*** Opening GIVEN ENTRIES ***
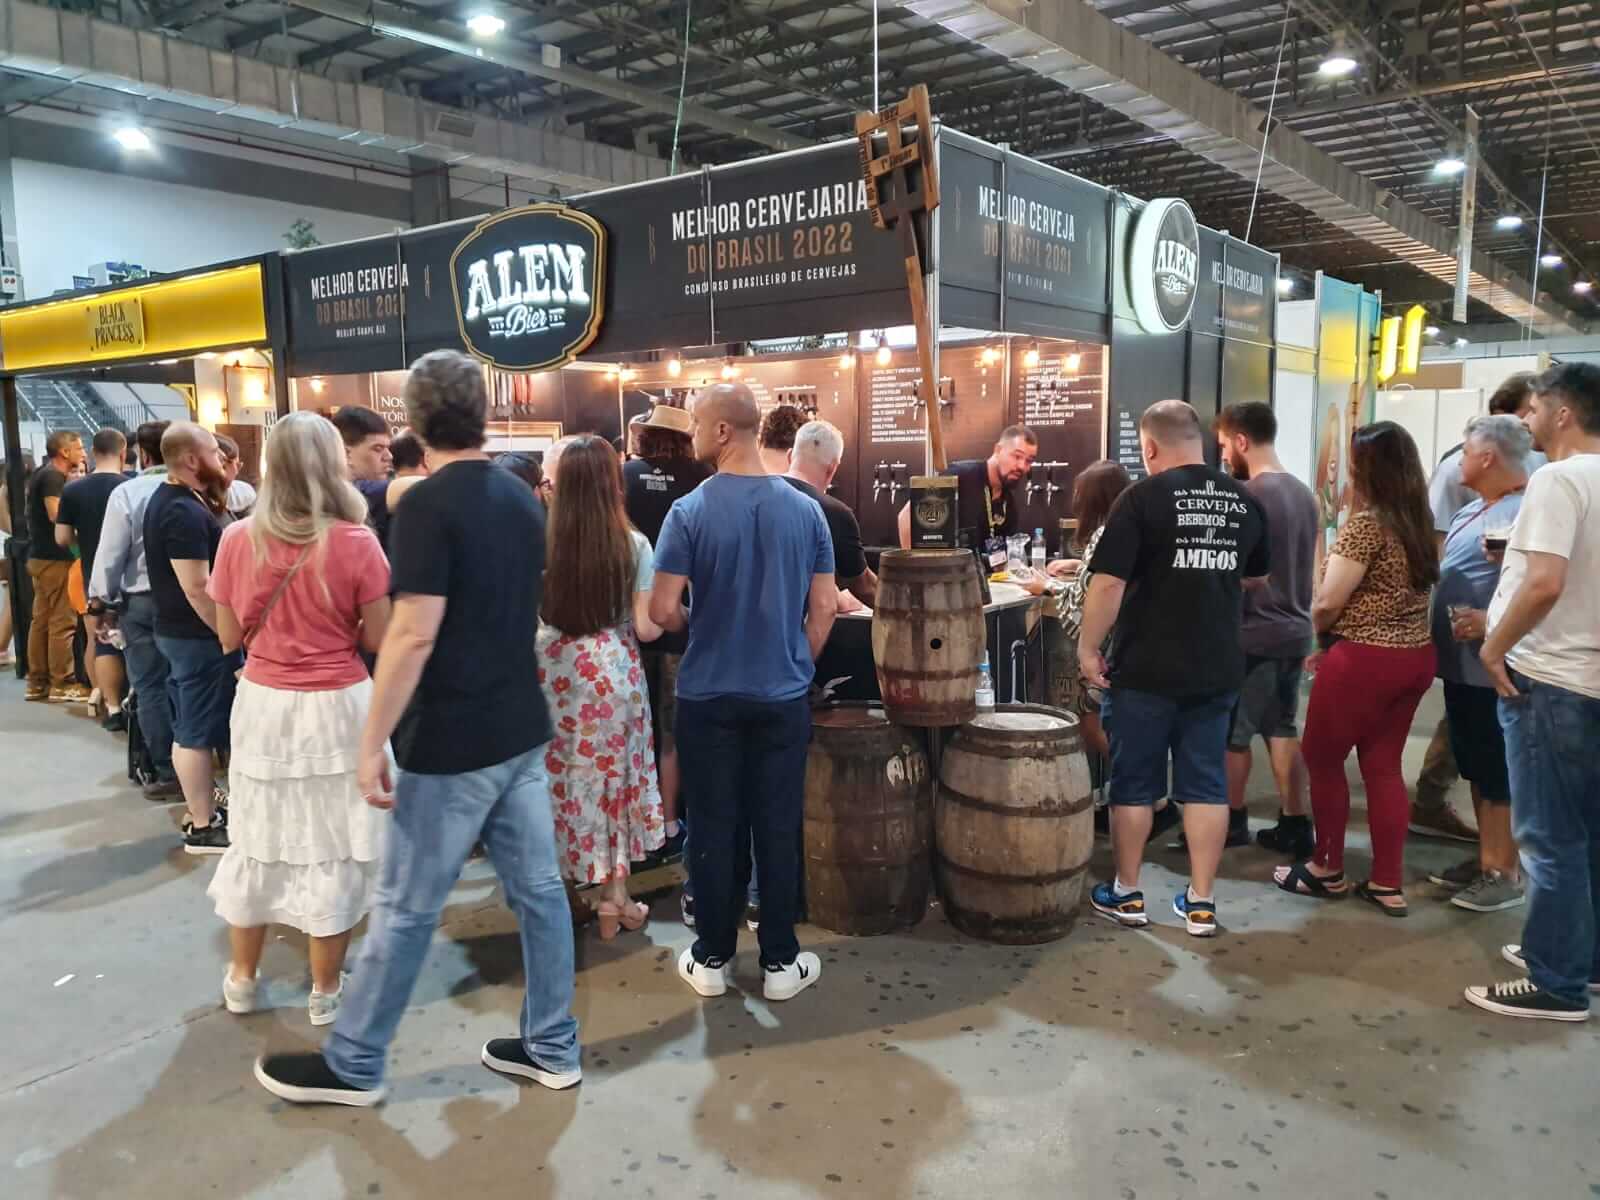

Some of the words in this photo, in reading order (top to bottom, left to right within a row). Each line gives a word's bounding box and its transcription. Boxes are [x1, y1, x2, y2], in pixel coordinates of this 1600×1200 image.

[672, 202, 740, 241] MELHOR
[746, 179, 869, 230] CERVEJARIA
[1029, 200, 1076, 242] CERVEJA
[687, 243, 706, 274] DO
[716, 231, 785, 270] BRASIL
[792, 221, 853, 260] 2022
[1007, 229, 1041, 268] RASIL
[311, 271, 355, 300] MELHOR
[466, 243, 590, 320] ALEM
[732, 270, 787, 290] BRASILEIRO
[791, 269, 802, 282] DE
[806, 263, 857, 280] CERVEJAS
[1211, 259, 1233, 288] MELOR
[333, 297, 371, 323] BRASIL
[504, 304, 549, 337] Bier
[95, 322, 135, 349] PRINCESS
[1175, 498, 1247, 514] CERVEJAS
[1177, 513, 1226, 527] BEBEMOS
[1172, 548, 1239, 570] AMIGOS
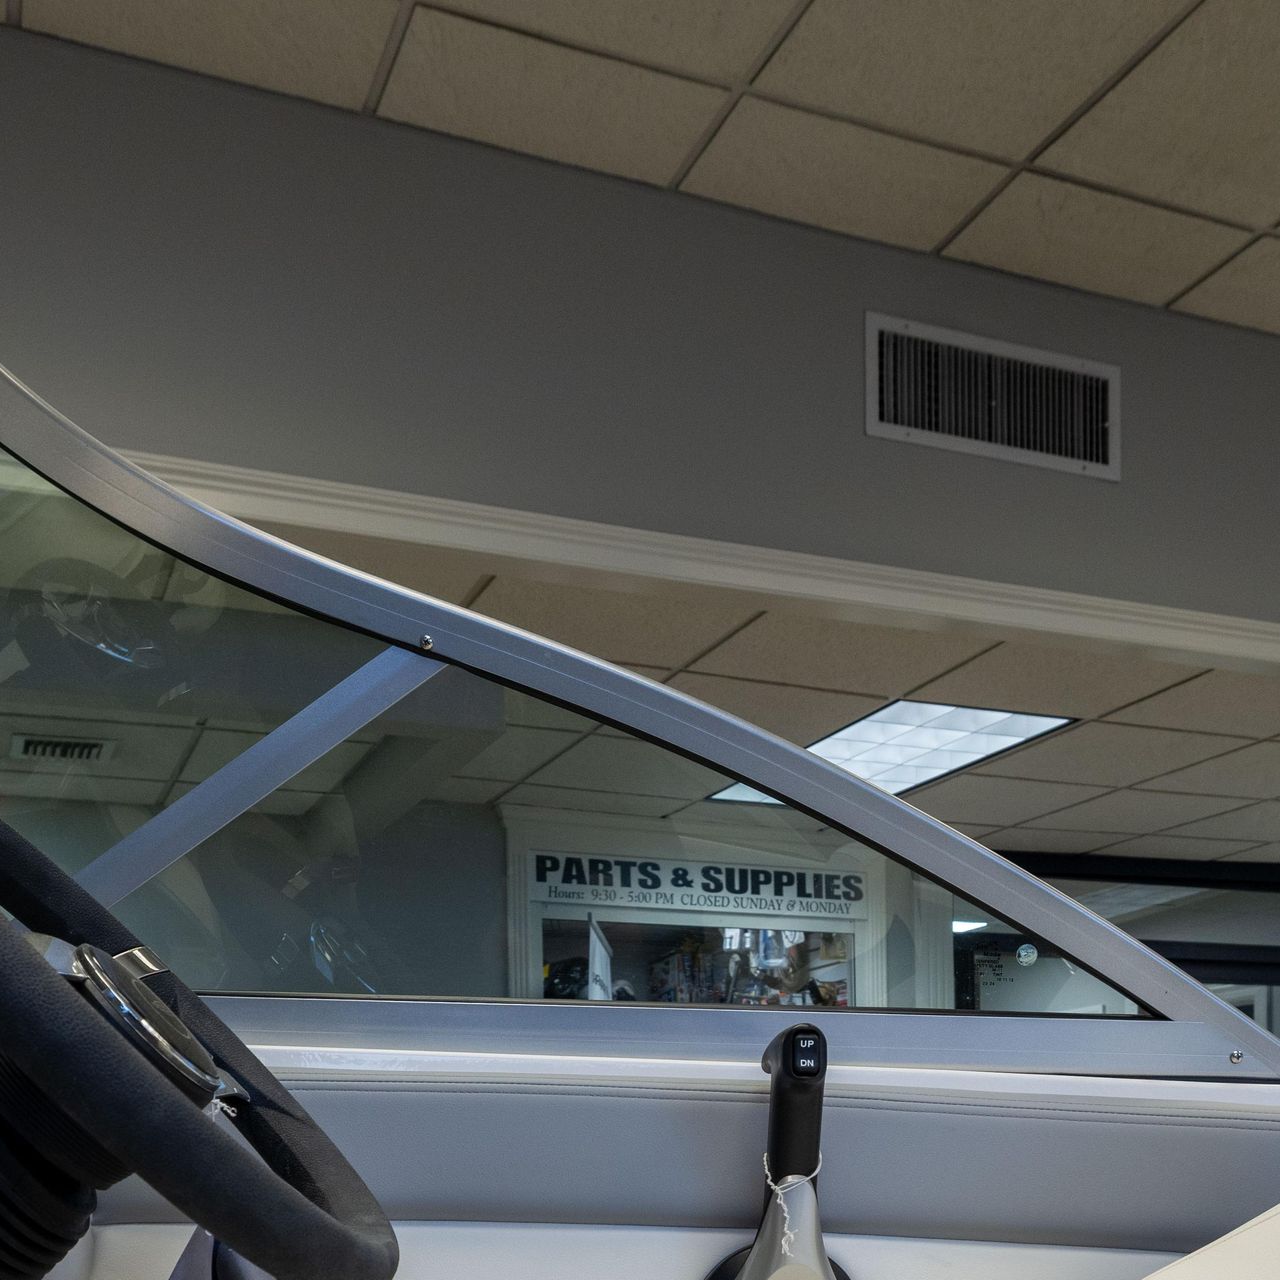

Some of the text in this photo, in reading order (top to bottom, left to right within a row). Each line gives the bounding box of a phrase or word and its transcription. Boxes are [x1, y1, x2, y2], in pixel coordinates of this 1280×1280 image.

[536, 855, 863, 901] PARTS & SUPPLIES
[548, 886, 585, 899] Hours:
[591, 888, 617, 902] 9:30
[627, 891, 652, 904] 5:00
[655, 892, 675, 905] PM
[680, 893, 730, 908] CLOSED
[733, 897, 783, 911] SUNDAY
[786, 900, 797, 911] &
[798, 900, 852, 914] MONDAY
[800, 1040, 814, 1048] UP
[800, 1059, 814, 1067] DN
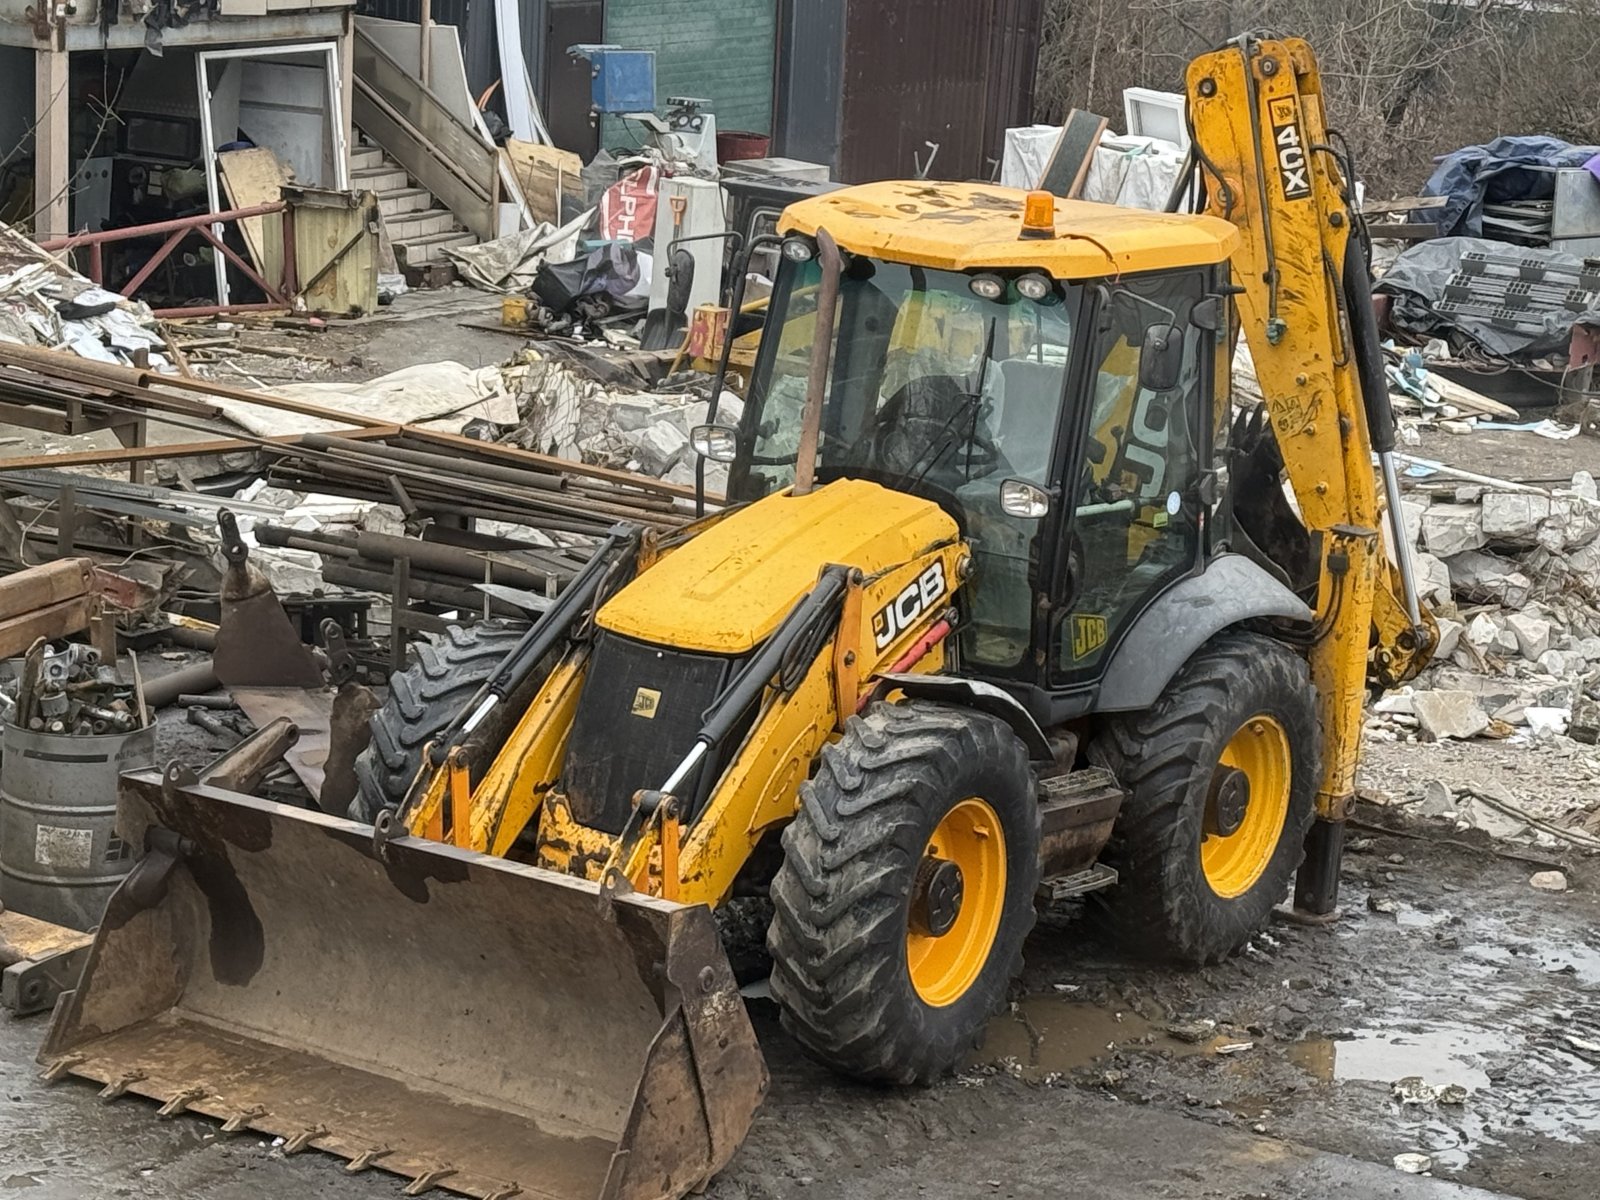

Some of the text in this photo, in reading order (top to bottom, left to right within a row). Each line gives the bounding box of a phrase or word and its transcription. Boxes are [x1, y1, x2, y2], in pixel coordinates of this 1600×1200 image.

[1277, 125, 1309, 193] 4CX
[1124, 387, 1169, 499] JC
[876, 562, 945, 649] JCB
[1075, 618, 1105, 656] JCB
*** Closing GIVEN ENTRIES ***
Reproduce the lines from the line with "this 1280×1280 image." through the last line of the entries exactly, including both ends and excluding pictures.

Some of the text in this photo, in reading order (top to bottom, left to right within a row). Each line gives the bounding box of a phrase or word and its transcription. Boxes are [x1, y1, x2, y2], in pixel coordinates of this 1280×1280 image.

[536, 855, 863, 901] PARTS & SUPPLIES
[548, 886, 585, 899] Hours:
[591, 888, 617, 902] 9:30
[627, 891, 652, 904] 5:00
[655, 892, 675, 905] PM
[680, 893, 730, 908] CLOSED
[733, 897, 783, 911] SUNDAY
[786, 900, 797, 911] &
[798, 900, 852, 914] MONDAY
[800, 1040, 814, 1048] UP
[800, 1059, 814, 1067] DN

Some of the text in this photo, in reading order (top to bottom, left to right within a row). Each line gives the bounding box of a phrase or word and its transcription. Boxes are [x1, y1, x2, y2], in pixel coordinates of this 1600×1200 image.

[1277, 125, 1309, 193] 4CX
[1124, 387, 1169, 499] JC
[876, 562, 945, 649] JCB
[1075, 618, 1105, 656] JCB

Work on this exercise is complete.